Not a full enclosure but the table has a guard round  three sides, the front having a removable perspex door, so no oil skins required :)

I have a DA pencil collet that I was contemplating using as a spindle but that ER is a great price.

Hood, beware of these Chinese collet holders. Bought few BT30 holders (from another Chinese seller though) and accuracy is not something these were built for. The quoted 0.01mm runout appeared to be not the worst case like you'd expect, but the best tolerance they can achieve. Actual runout measured on 5 holders ranged from about 0.02mm to 0.25mm (I didn't miss a zero there)!!!

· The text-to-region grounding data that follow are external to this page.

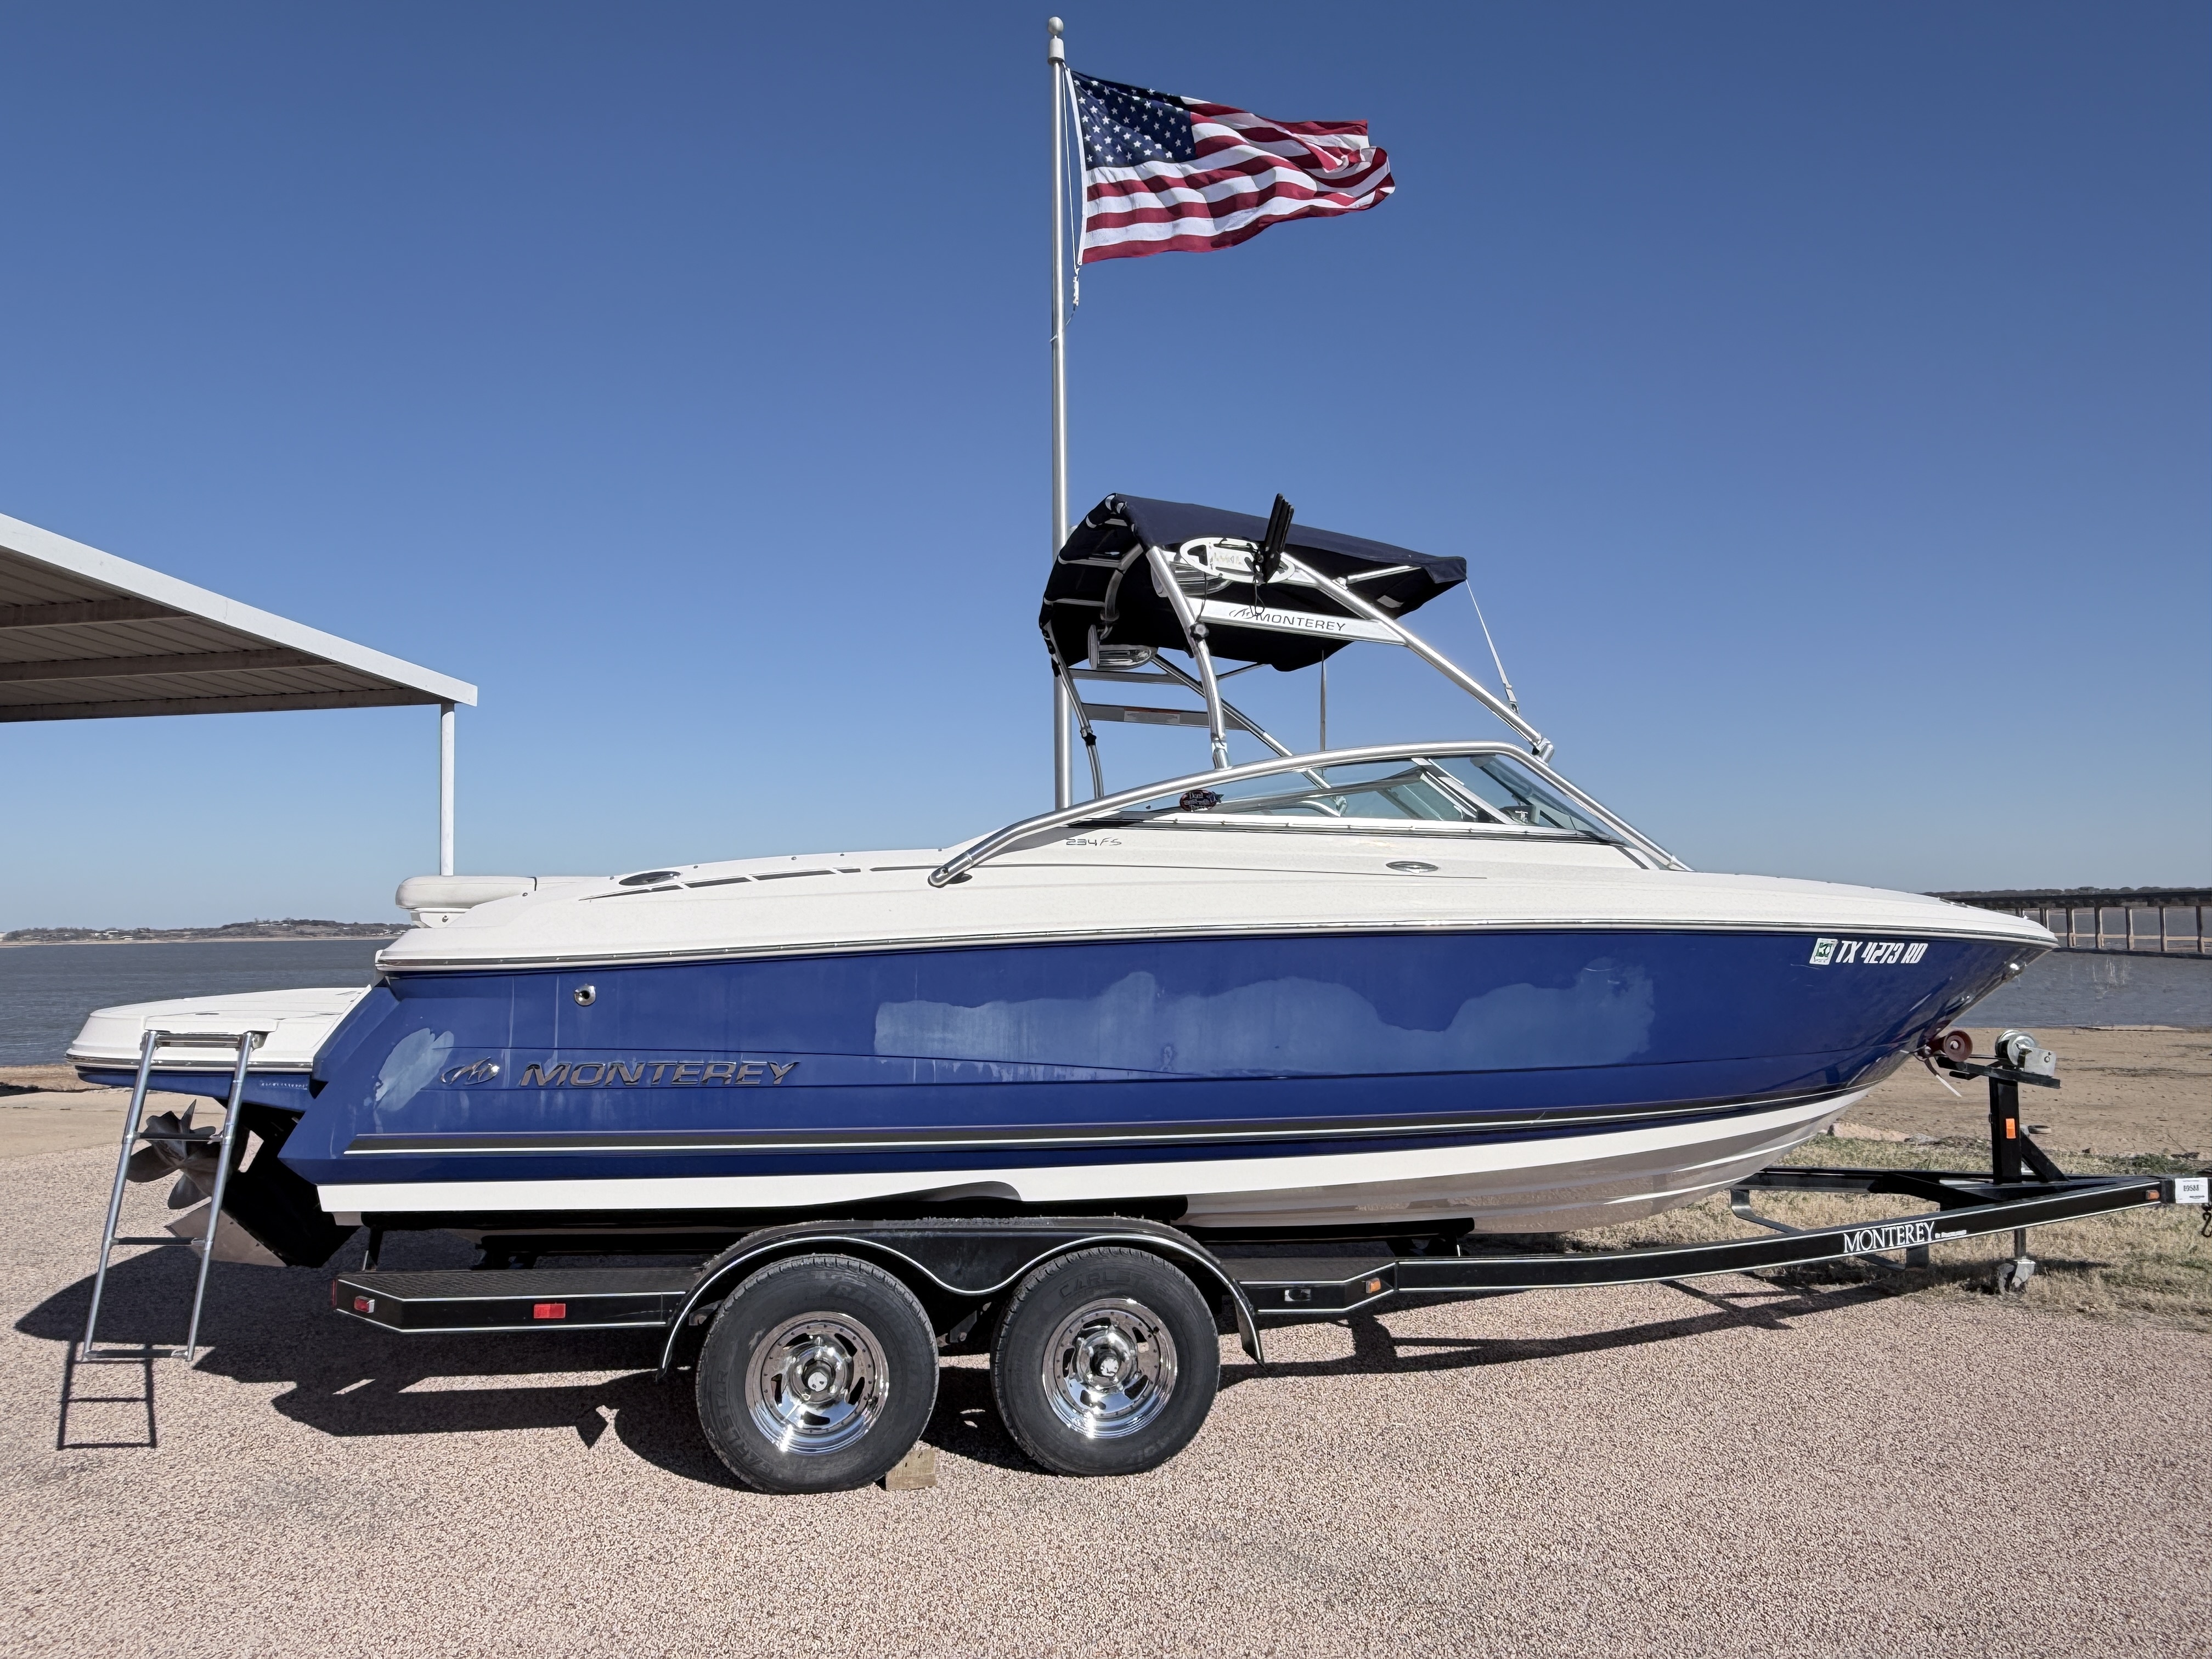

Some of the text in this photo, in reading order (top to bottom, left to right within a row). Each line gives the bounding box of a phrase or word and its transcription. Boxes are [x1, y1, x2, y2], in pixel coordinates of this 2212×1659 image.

[1255, 613, 1346, 631] MONTEREY
[1836, 940, 1863, 963] TX
[1861, 942, 1905, 964] 4273
[520, 1062, 800, 1087] MONTEREY
[1843, 1221, 1935, 1253] MONTEREY
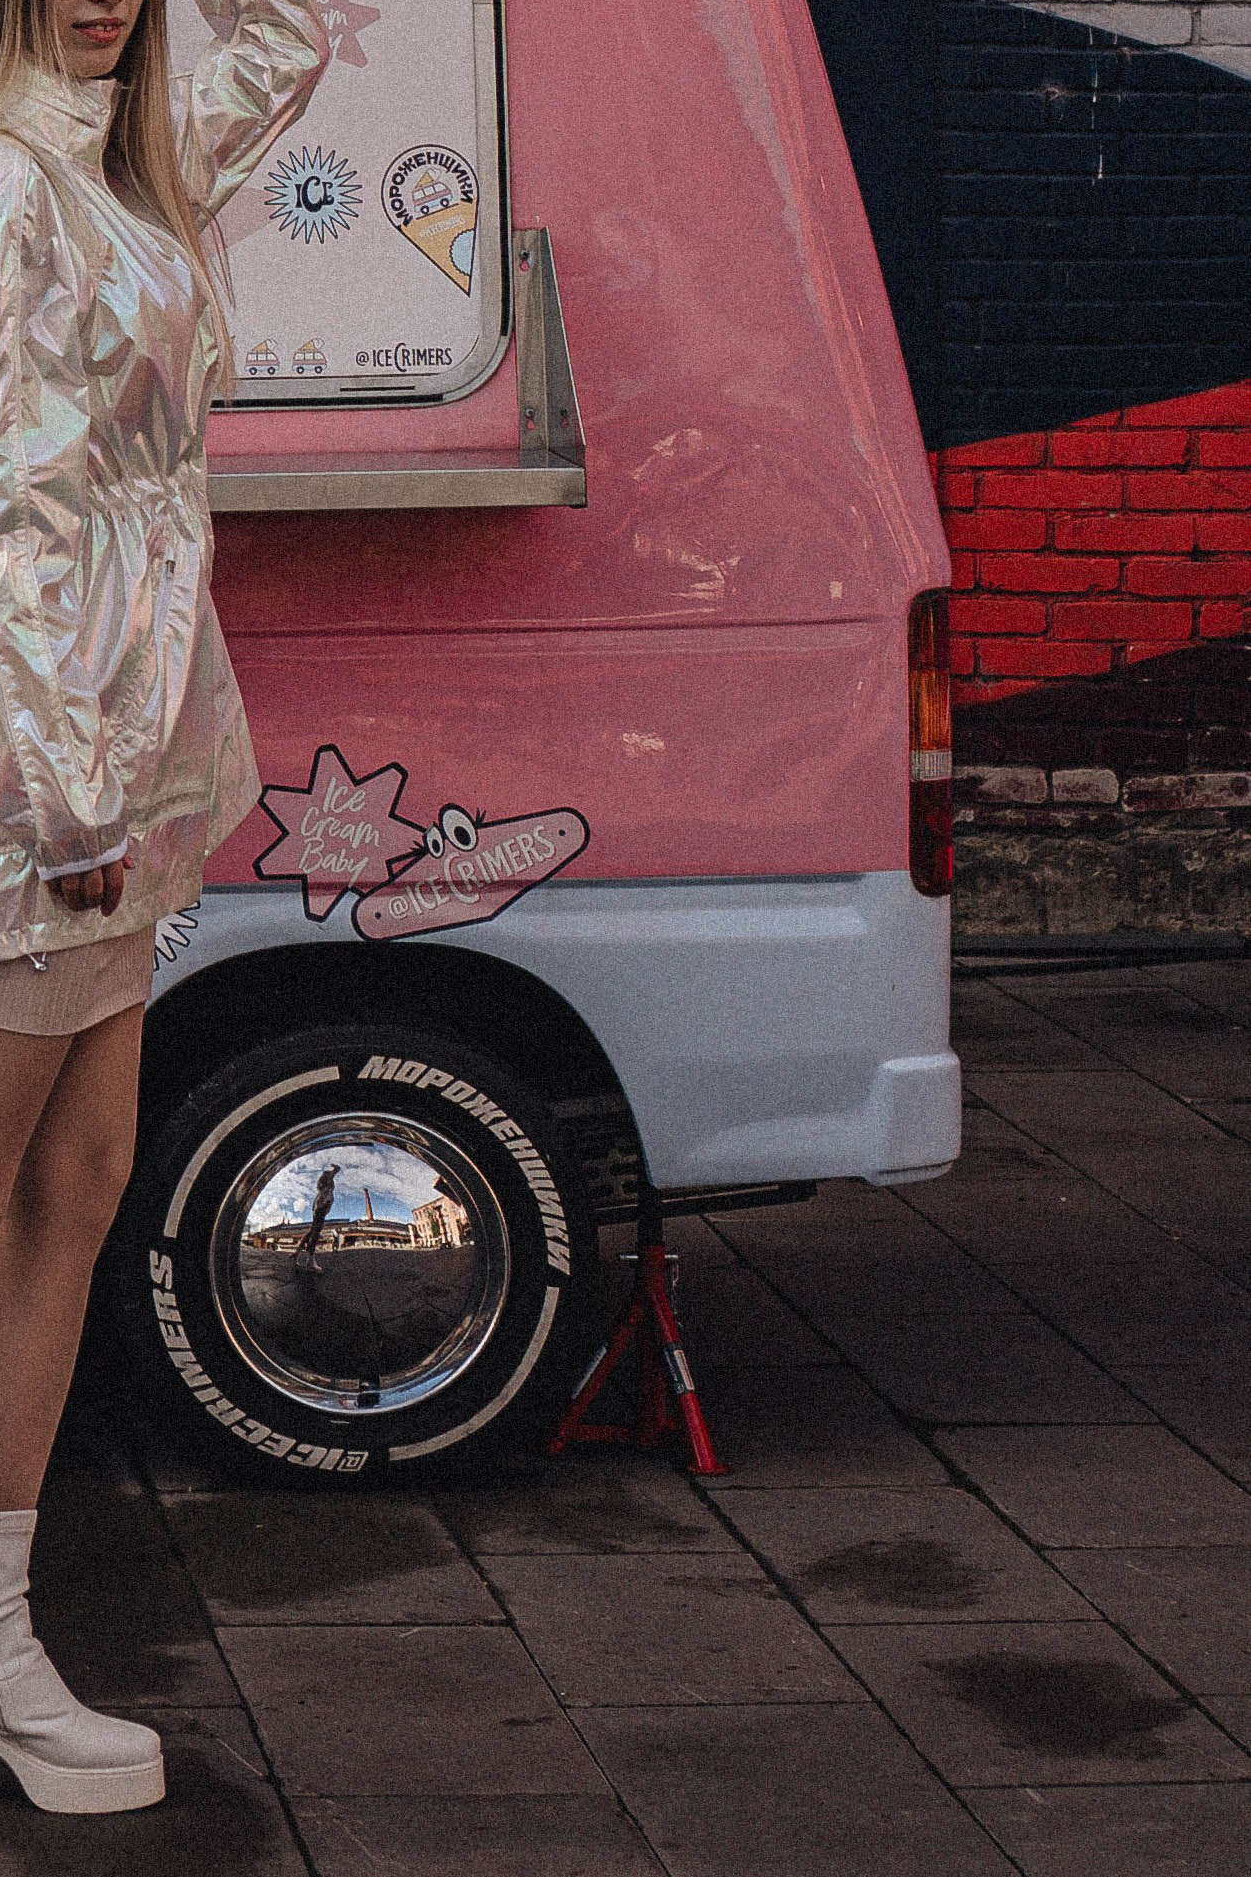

Did make up a spindle speeder of sorts which was geared via a toothed belt but it got too hot to touch after about 3 mins running and the heat seemed to be coming from the belt friction on the pulleys, was thinking of directing some coolant through the body but not sure how the bearings would like it, would have to filter it and may give it a go.



Hood

Round tooth profile belts perform better at higher speeds. They engage better with the pulley, with less friction, and thus less heat (and noise) is produced. But I assume this is what you already have... What speed are you running the driving pulley at? And what diameter is it? I have 75mm diameter pulley that would run for hours at 3500RPM without getting that hot. I am sure I could run it even at 5000RPM much more than 3 minutes and not get that hot. May be check the tension?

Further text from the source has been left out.